| Work instructions |
Would you repeat every entry below word for word but drop the images?

─── Information provided

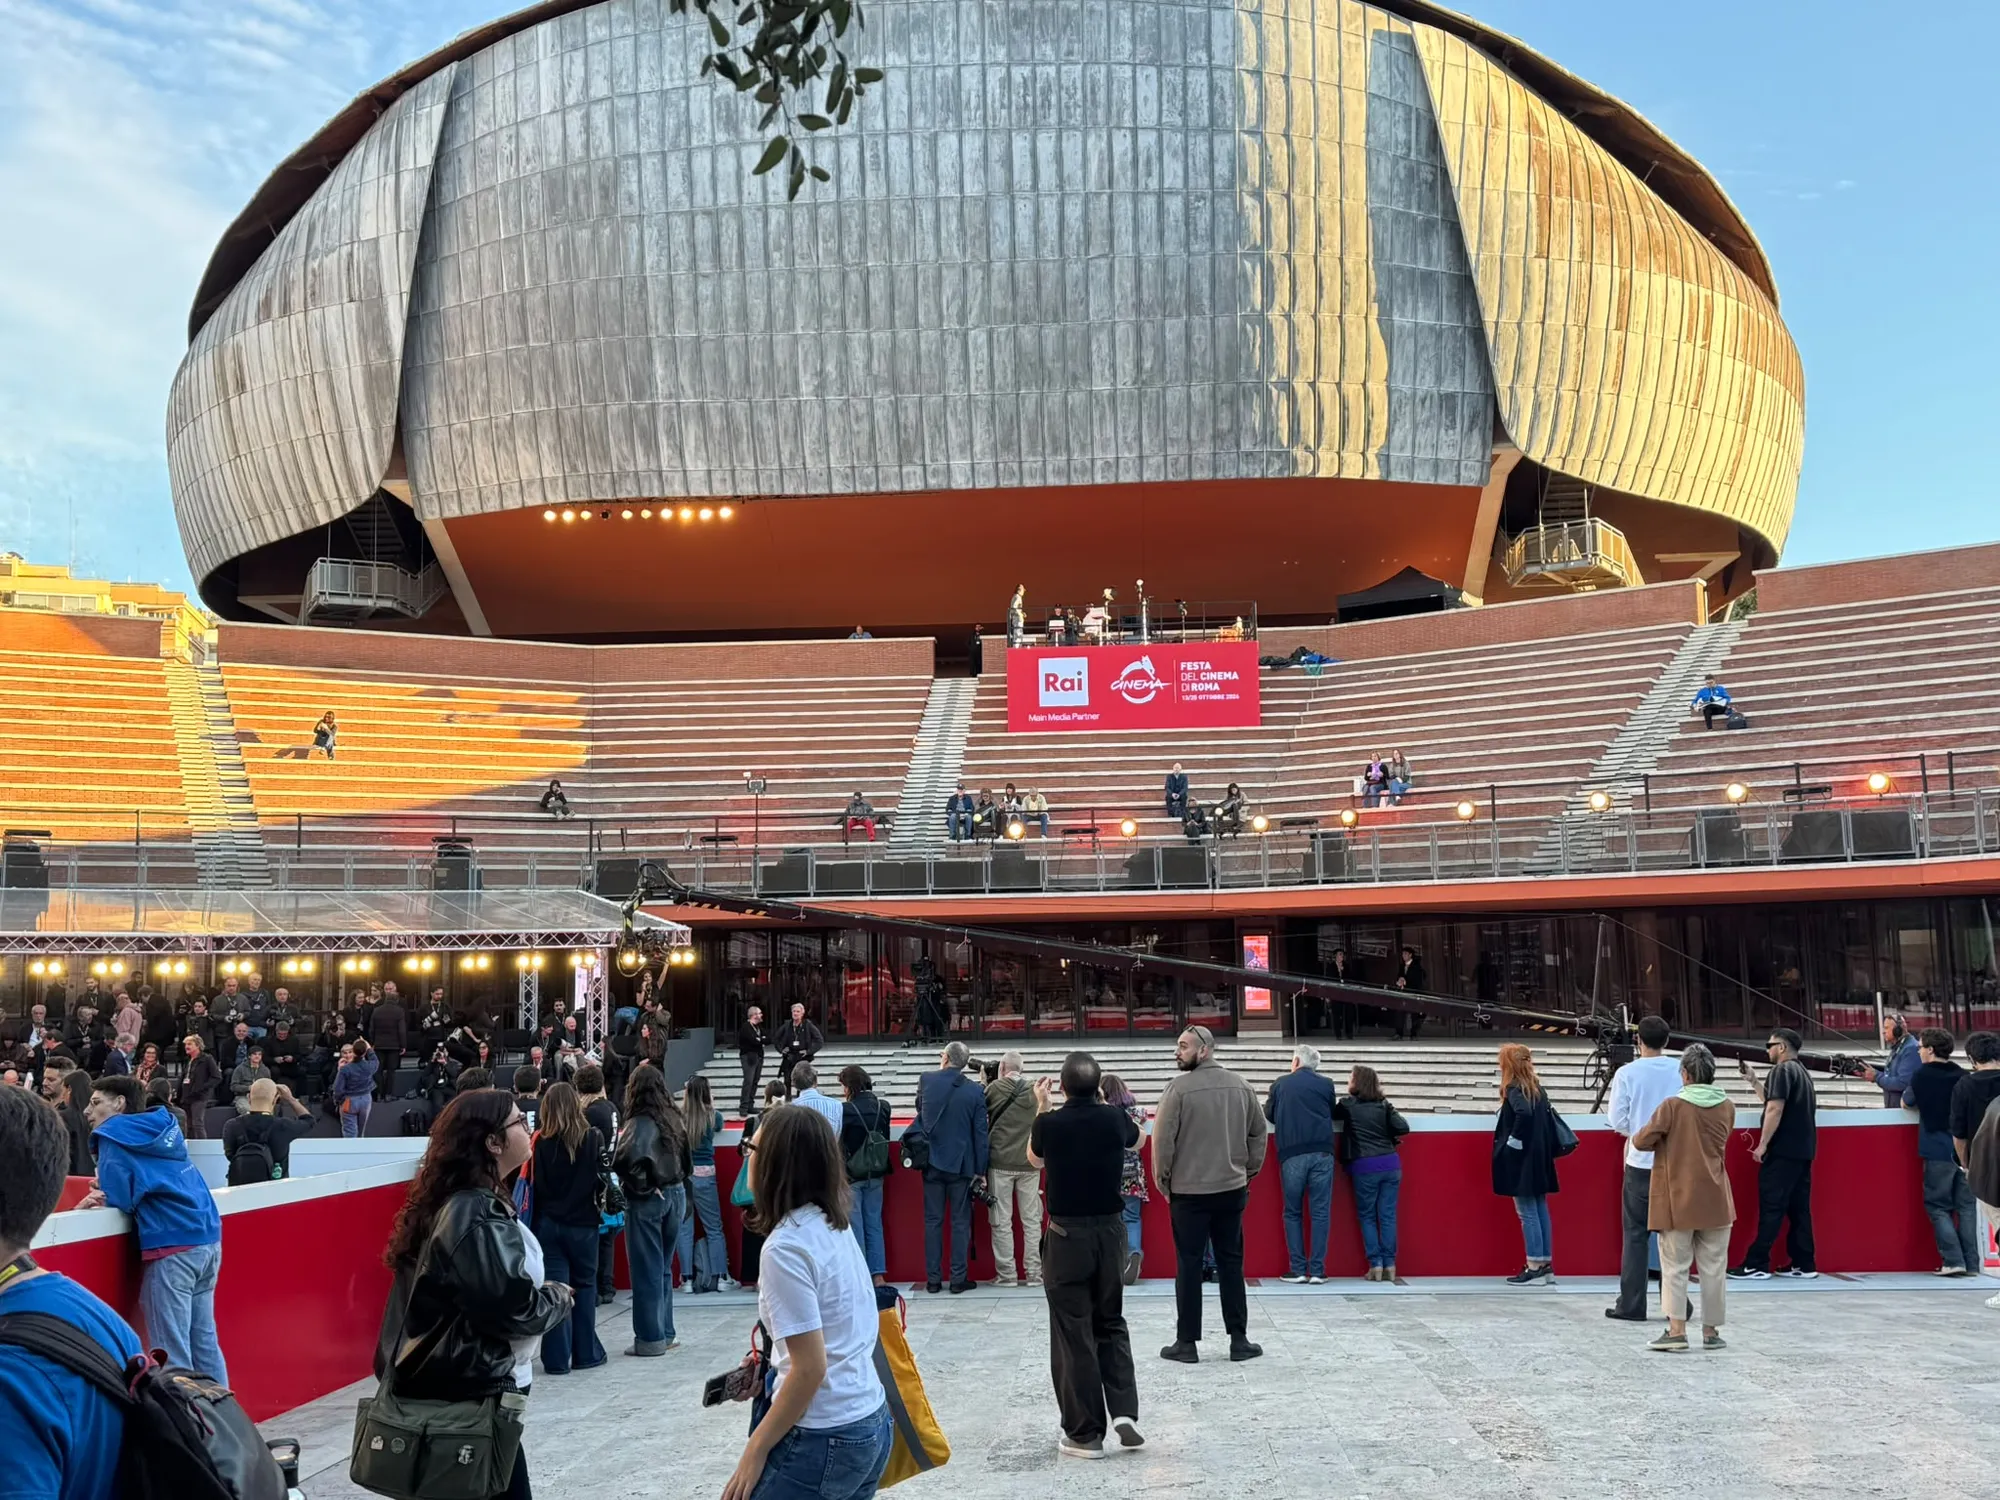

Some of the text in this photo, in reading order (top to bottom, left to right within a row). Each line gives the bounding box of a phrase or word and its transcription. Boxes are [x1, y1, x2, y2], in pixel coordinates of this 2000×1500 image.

[1180, 661, 1212, 671] FESTA
[1181, 671, 1239, 681] DEL CINEMA
[1044, 671, 1083, 692] Rai
[1110, 678, 1172, 691] CINEMA
[1181, 682, 1220, 692] DI ROMA
[1028, 712, 1100, 722] Main Media Partner

──────

| Exercise result |
Some of the text in this photo, in reading order (top to bottom, left to right within a row). Each line gives the bounding box of a phrase or word and its transcription. Boxes are [x1, y1, x2, y2], in pixel coordinates of this 2000×1500 image.

[1180, 661, 1212, 671] FESTA
[1181, 671, 1239, 681] DEL CINEMA
[1044, 671, 1083, 692] Rai
[1110, 678, 1172, 691] CINEMA
[1181, 682, 1220, 692] DI ROMA
[1028, 712, 1100, 722] Main Media Partner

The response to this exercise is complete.